[What you should do] Repeat every entry exactly. Do not include the pictures.

***

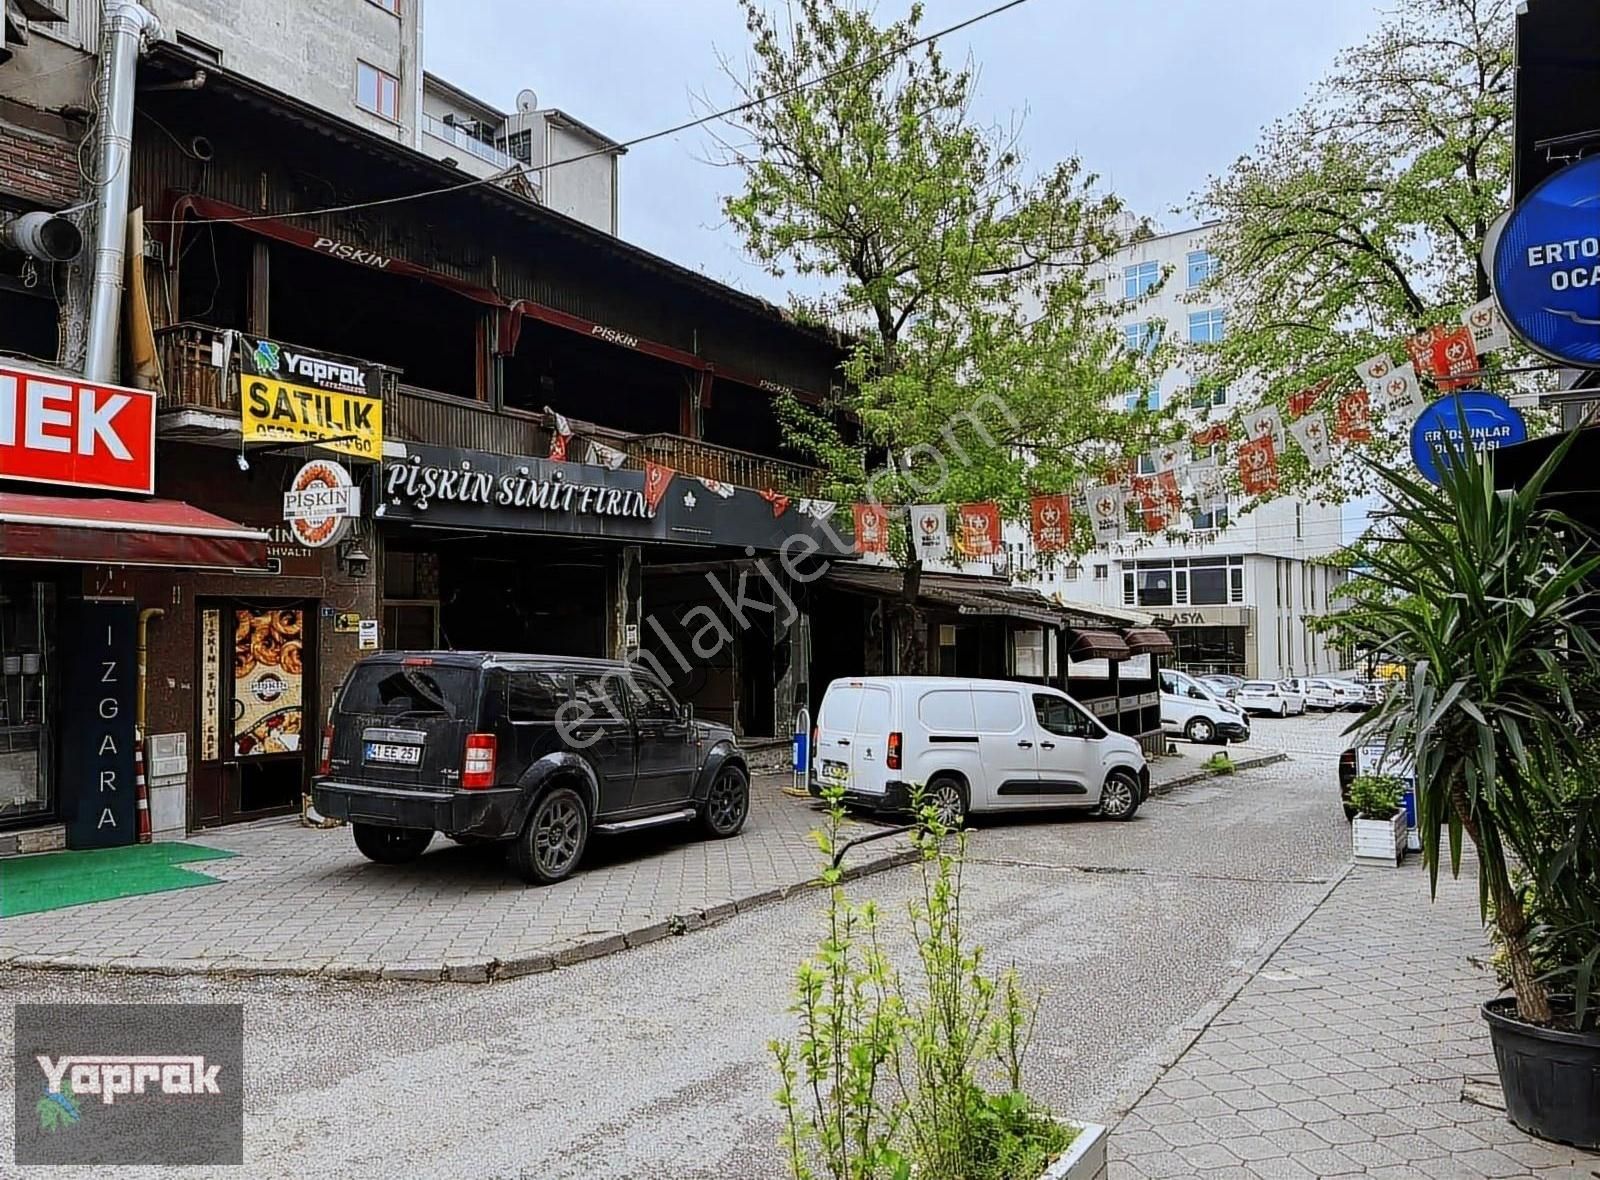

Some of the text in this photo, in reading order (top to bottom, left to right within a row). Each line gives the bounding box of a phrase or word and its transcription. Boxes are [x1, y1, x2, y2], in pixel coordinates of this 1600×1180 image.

[284, 352, 366, 387] Yaprak
[249, 382, 373, 430] SATILIK
[1424, 426, 1510, 442] EROSNLAR
[286, 488, 347, 509] PİŞKİN
[387, 455, 657, 519] PİŞKİN SİMİT FIRIN
[1172, 612, 1205, 624] ASYA
[97, 624, 119, 830] IZGARA
[383, 745, 397, 762] EE
[399, 747, 418, 763] 251

***

[Answer to this problem]
Some of the text in this photo, in reading order (top to bottom, left to right within a row). Each line gives the bounding box of a phrase or word and its transcription. Boxes are [x1, y1, x2, y2], in pixel coordinates of this 1600×1180 image.

[284, 352, 366, 387] Yaprak
[249, 382, 373, 430] SATILIK
[1424, 426, 1510, 442] EROSNLAR
[286, 488, 347, 509] PİŞKİN
[387, 455, 657, 519] PİŞKİN SİMİT FIRIN
[1172, 612, 1205, 624] ASYA
[97, 624, 119, 830] IZGARA
[383, 745, 397, 762] EE
[399, 747, 418, 763] 251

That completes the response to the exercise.